In Psalm 42, the psalmist describes his yearning for God: “As the deer pants for streams of water, so my soul pants for you, my God” (v. 1). He imagines a deer thirsty from the heat seeking out the refreshing water of the stream, and he says that he thirsts after God in the same manner. What brought about this yearning in his heart?

We realize upon reading the psalm that the psalmist is not in a great place in his life; in fact, he is being led off into captivity. He comments that his tears have been his sustenance night and day. Those around him look at his circumstances and question, “Where is your God?” (v. 3). In the midst of his present circumstances, he recalls those times of great joy and celebration as he joined the festive crowds traveling to Jerusalem and the Temple (v. 4). His memory of these festive times stands in stark contrast to his current situation where he finds himself in an uproar and downcast. Yet, in the midst of his circumstances he encourages himself to hope in God convinced that he will see the Lord’s salvation (v. 5).
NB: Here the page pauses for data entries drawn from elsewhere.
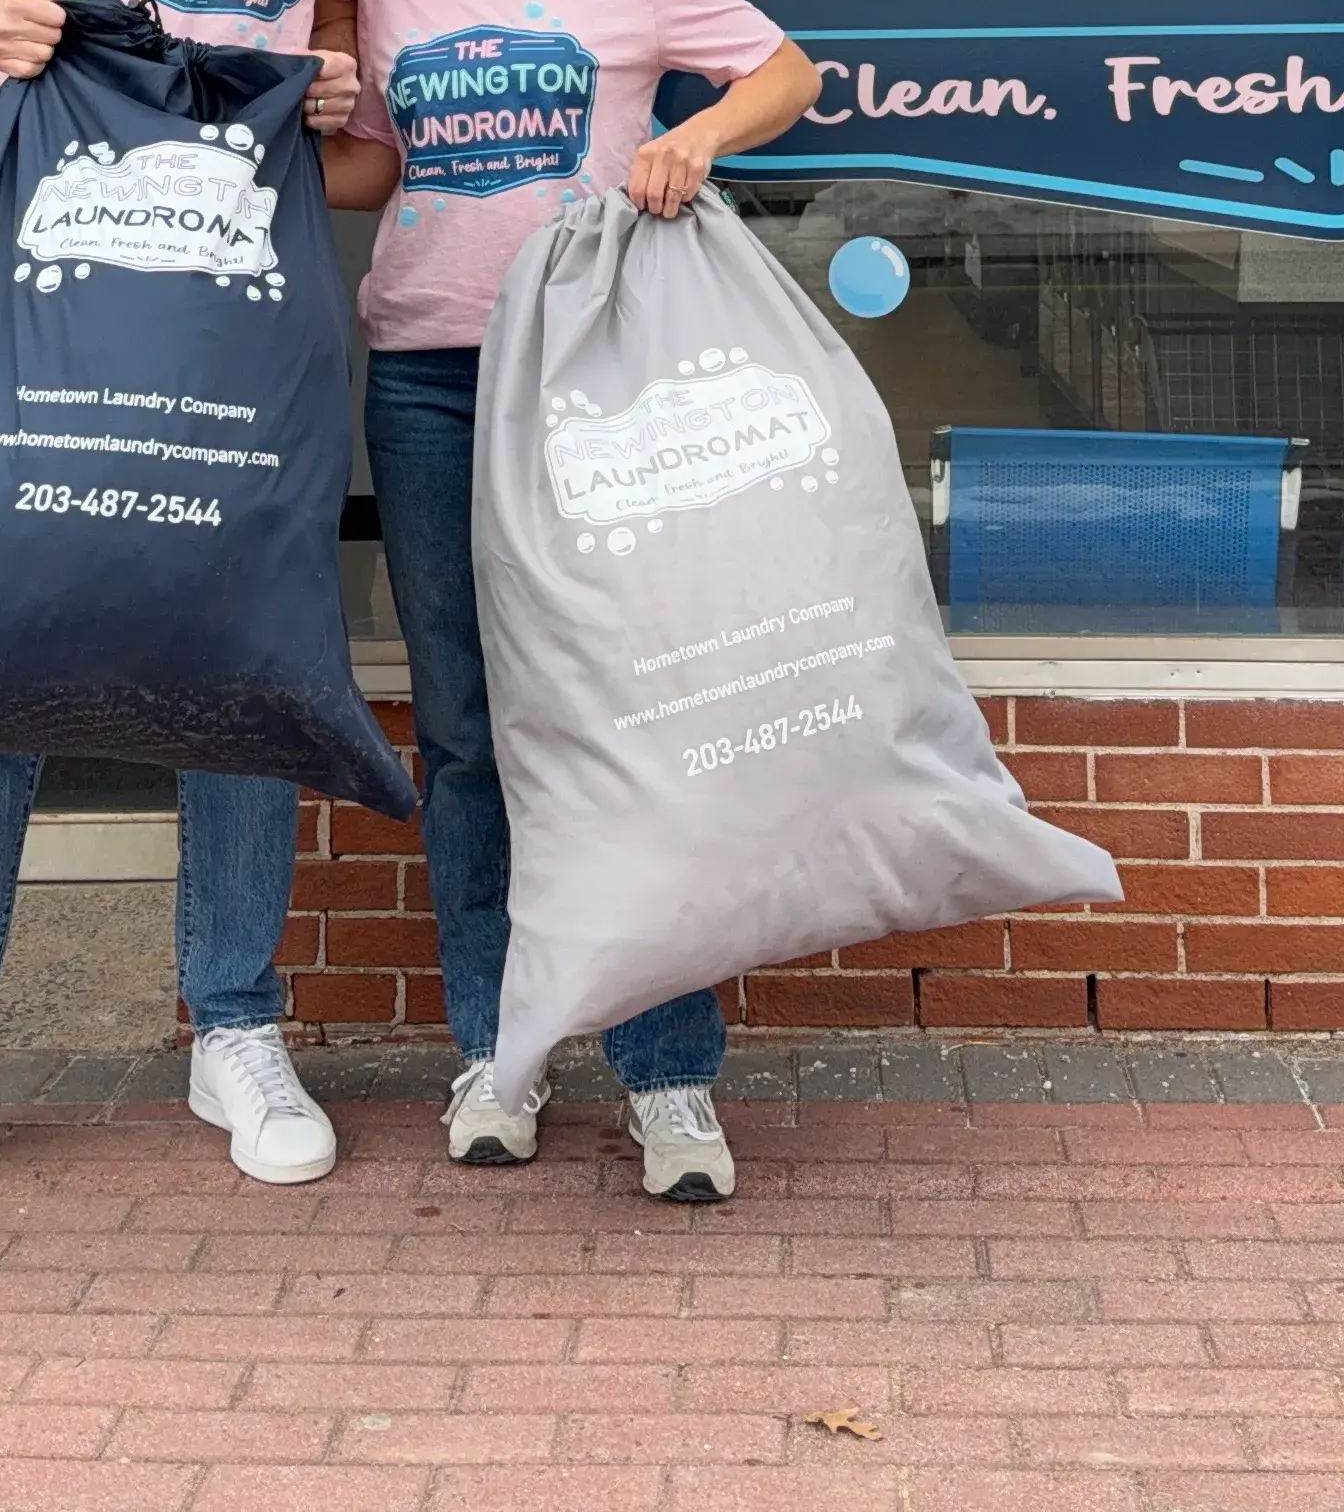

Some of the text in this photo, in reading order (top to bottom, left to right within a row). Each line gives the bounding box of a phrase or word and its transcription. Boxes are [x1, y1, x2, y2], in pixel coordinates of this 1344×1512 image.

[455, 38, 503, 61] THE
[389, 64, 588, 114] NEWINGTON
[403, 108, 583, 148] UNDROMAT
[137, 154, 198, 170] THE
[451, 158, 484, 175] Fresh
[487, 156, 511, 170] and
[514, 152, 559, 172] Bright!
[111, 237, 153, 250] Fresh
[158, 243, 190, 254] and
[103, 388, 176, 414] Laundry
[181, 397, 256, 423] Company
[639, 389, 694, 414] THE
[554, 384, 800, 468] NEWINGTON
[564, 411, 809, 500] LAUNDROMAT
[664, 478, 704, 495] Fresh
[707, 469, 734, 484] and
[15, 483, 222, 527] 203-487-2544
[633, 595, 854, 676] Hometown Laundry Company
[614, 634, 895, 730] www.hometownlaundrycompany.com
[682, 695, 863, 777] 203-487-2544
He then proceeds to describe how he feels washed over by his circumstances (v. 7). He feels forgotten by God and oppressed by his enemies (v. 9). Towards the end of the psalm, those around him still mockingly question him, “Where if your God?” (v. 10). His circumstances have not changed.

The striking feature of the psalmist in this psalm is that regardless of his circumstances he never loses sight of who God is—the One who commands His covenant loyalty towards the psalmist, the living God (v. 2), the God of my life (v. 8)—and because he knows who God is, he never despairs that God will eventually right his circumstances (v. 11). In other words, his circumstances never dictate his reality or perception of God. He recognizes that God answers those who cry out to Him. He responds to those who long for him as the thirsty deer does the streams of water.
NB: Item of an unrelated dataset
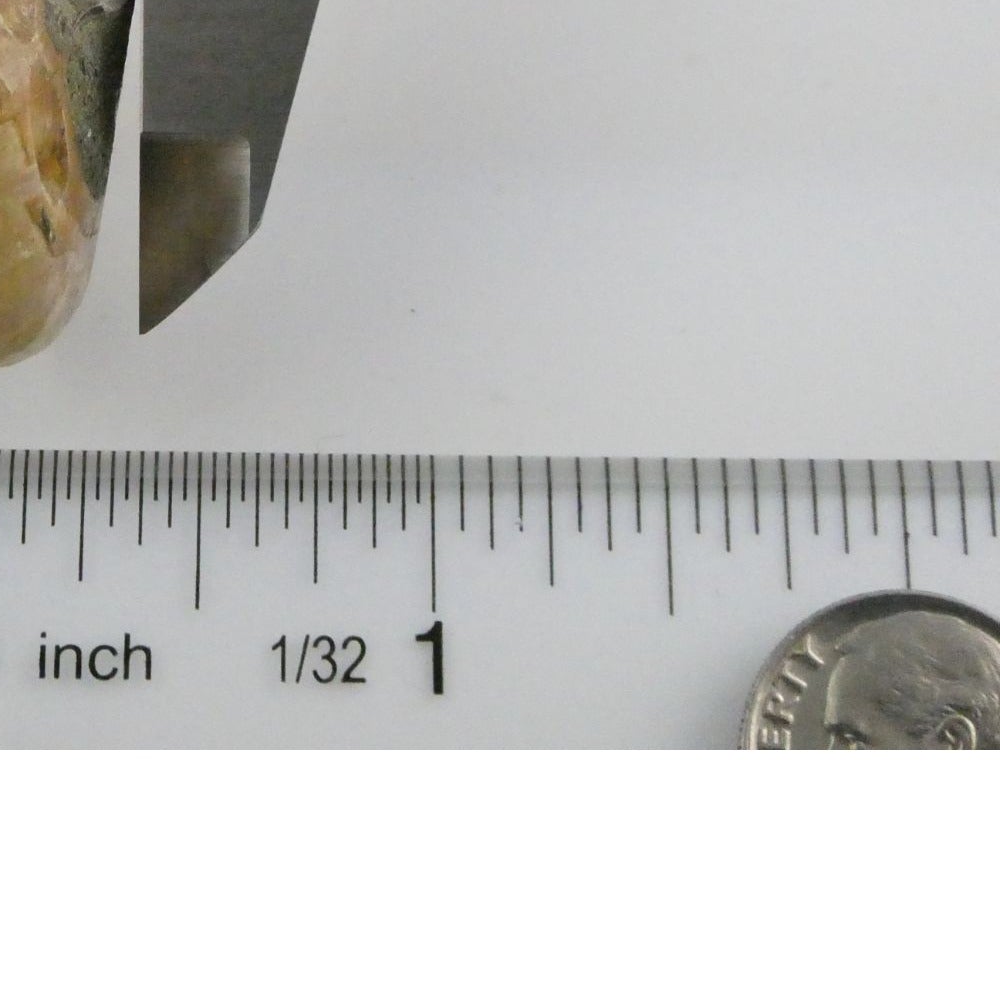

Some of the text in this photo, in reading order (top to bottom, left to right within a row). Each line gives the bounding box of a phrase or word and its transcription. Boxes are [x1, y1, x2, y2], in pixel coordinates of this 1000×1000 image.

[37, 632, 152, 682] inch
[271, 634, 367, 684] 1/32
[415, 620, 444, 696] 1
Have you ever felt overwhelmed by your circumstances? Have you ever felt forgotten by God? Does life and even those around you scream, “Where is your God?” Don’t allow your circumstances to dictate what you know about God. The God of the Bible is the living God. His ear is not deaf to our cries, nor is his arm short to save us. Do we have the confidence to say like the psalmist, “Put your hope in God, for I will yet praise Him, my Savior and my God” (v. 11)?


Father, my soul thirsts for You as a thirsty deer longs for water. Regardless of my circumstances, You are my rock and my salvation. Amen.